3.2.2.2.5 For neonatal
claims only (other than normal newborns), the following rules apply.
• If
a neonate (patient age 0 - 28 days at admission) is premature, the
appropriate prematurity diagnosis code must be used as a principal
or secondary diagnosis.
• Where a prematurity
diagnosis code is used, a fifth digit value of 0 through 9 must be
used in the principal or secondary diagnosis to specify the birth
weight. If no fifth digit is used, the Grouper will ignore that
diagnosis code and the claim will be denied.
• If a neonate is not
premature, a prematurity diagnosis code must not be used. The Grouper
will automatically assign a birth weight of “> 2,499 grams” and
assign the appropriate PM-DRG. If the birth weight is less than
2,500 grams, the birth weight must be provided in the “remarks”

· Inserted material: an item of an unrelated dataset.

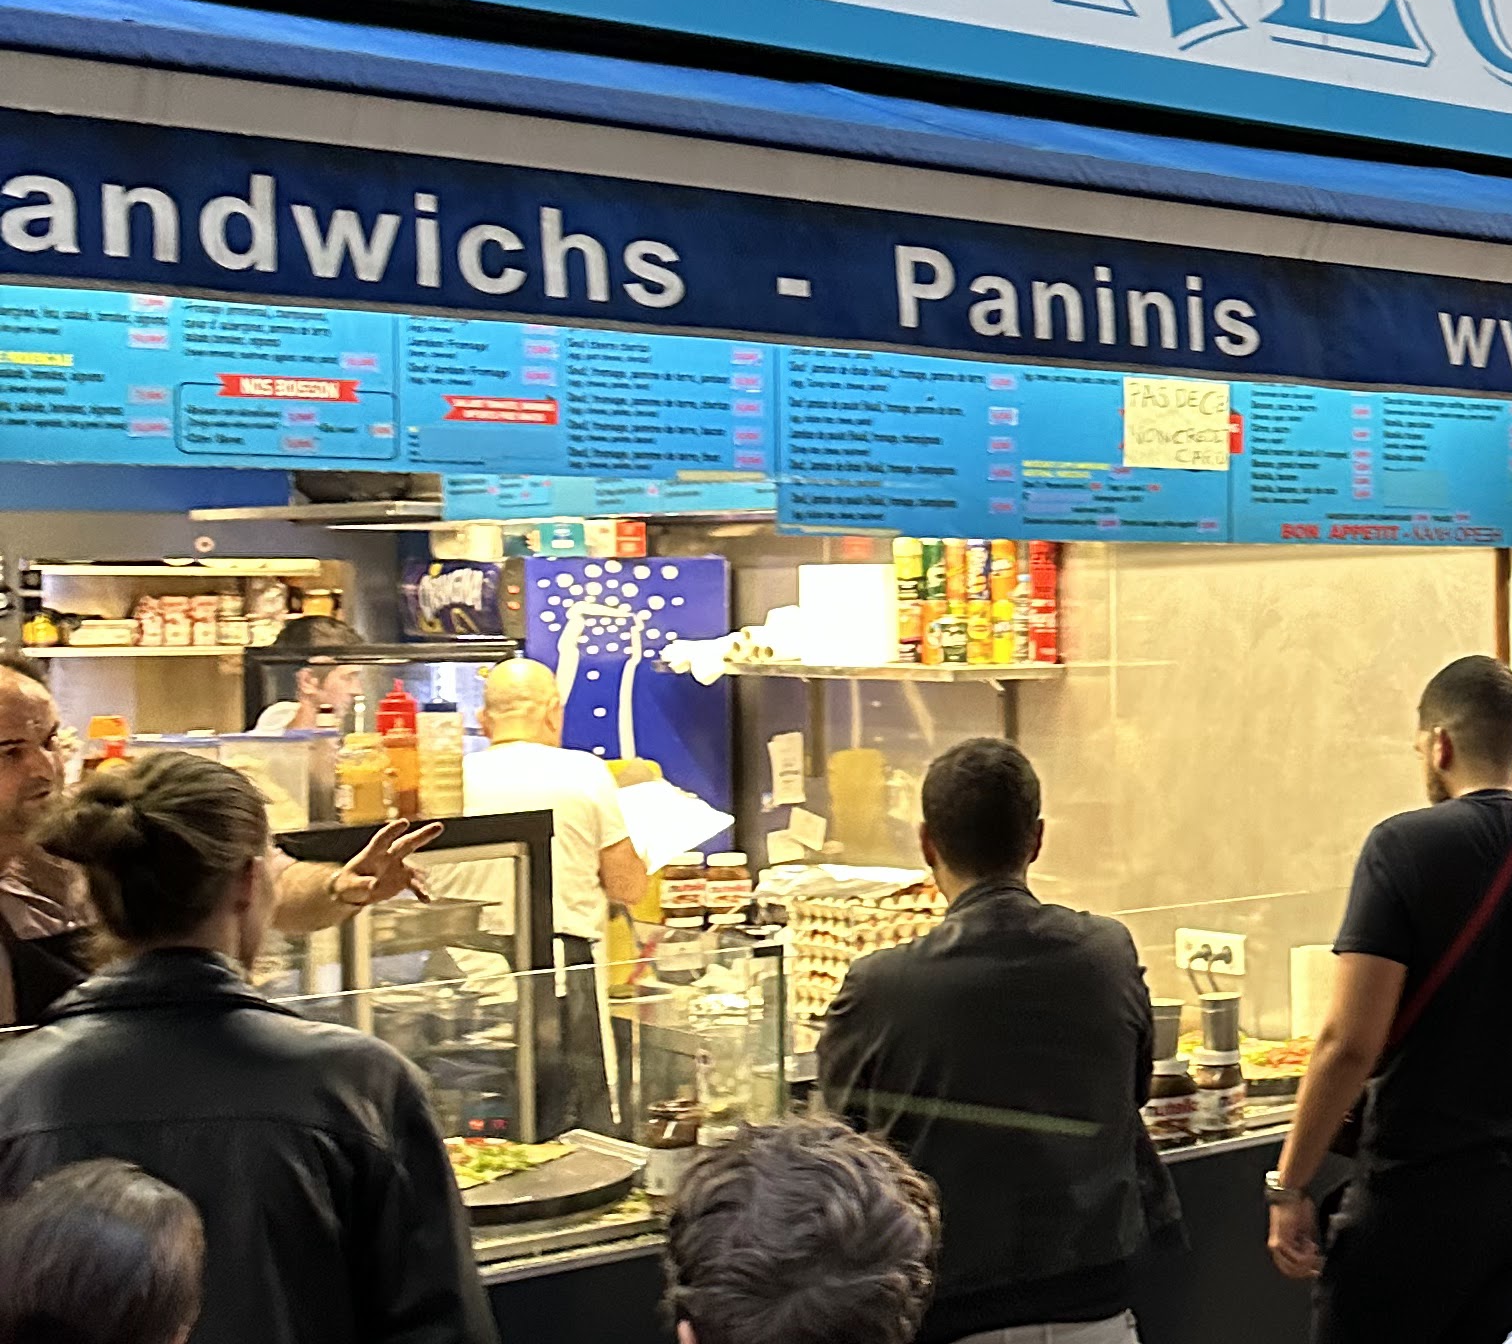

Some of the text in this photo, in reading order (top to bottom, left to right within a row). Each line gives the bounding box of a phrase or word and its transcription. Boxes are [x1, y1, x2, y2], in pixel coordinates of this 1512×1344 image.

section of the CMS 1450 UB-04.
• If there is more than
one birth weight on the claim, the Grouper will assign the claim
to the “ungroupable” DRG, and the claim will be denied.
• All claims for beneficiaries
less than 29 days old upon admission (other than normal newborns)
will be assigned to a PM-DRG, except those classified to DRGs 103,
480, 495, 512, and 513. DRGs for these descriptions can be found
at
http://www.health.mil/rates.
3.2.2.3 Each discharge
will be assigned to only one DRG (related, except as provided in
paragraphs 3.2.2.4 and
3.2.2.5,
to the patient’s principal diagnosis) regardless of the number of
conditions treated or services furnished during the patient’s stay.
3.2.2.4 When
the discharge data submitted by a hospital show a surgical procedure
unrelated to a patient’s principal diagnosis, the contractor shall
develop the claim to assure that the data is not the result of miscoding
by either the contractor or the hospital. Where the procedure and
medical condition are supported by the services and the procedure
is unrelated to the principal diagnosis, the claim shall be assigned
to the DRG, Unrelated OR Procedure.
3.2.2.5 When
the discharge data submitted by a hospital results in assignment
of a DRG which may need to be reviewed for coverage (e.g., abortion
without dilation and curettage, which does not meet the TRICARE
requirements for coverage), the contractor is to review the claim
to determine if other diagnoses or procedures which were rendered
concurrently are covered. If other covered services were rendered,
the contractor shall change the principal diagnosis to the most
logical alternative covered diagnosis, delete the abortion diagnosis
and procedure from the claim so that it does not result in a more
complex DRG, and regroup the claim.
Example: If
a claim is grouped into the DRG for an abortion and the abortion
is not covered, but a tubal ligation was performed concurrently,
the contractor should change the principal diagnosis to that for
the tubal and delete the abortion from the procedures performed. If
no covered services were rendered, the claim must be denied, and
all related ancillary and professional services which are submitted
separately must also be denied.
3.2.2.5.1 Contractors
are not normally required to review all diagnoses and procedures
to determine their coverage. Contractors are required to develop
for medical necessity only if the principal diagnosis is generally
not covered but potentially could be. Deletion of a diagnosis and/or procedure
is required only when the principal diagnosis or procedure is not
covered.
3.2.2.5.2 The only exception to the above paragraph is
for abortions. Since abortions are statutorily excluded from coverage
except for pregnancies resulting from rape, incest or if the life
of the mother is endangered, the contractor is to ensure that payment
is not affected by a noncovered abortion diagnosis or procedure
whether it is principal or secondary. In all cases where payment
would be affected, the abortion data is to be deleted from the claim.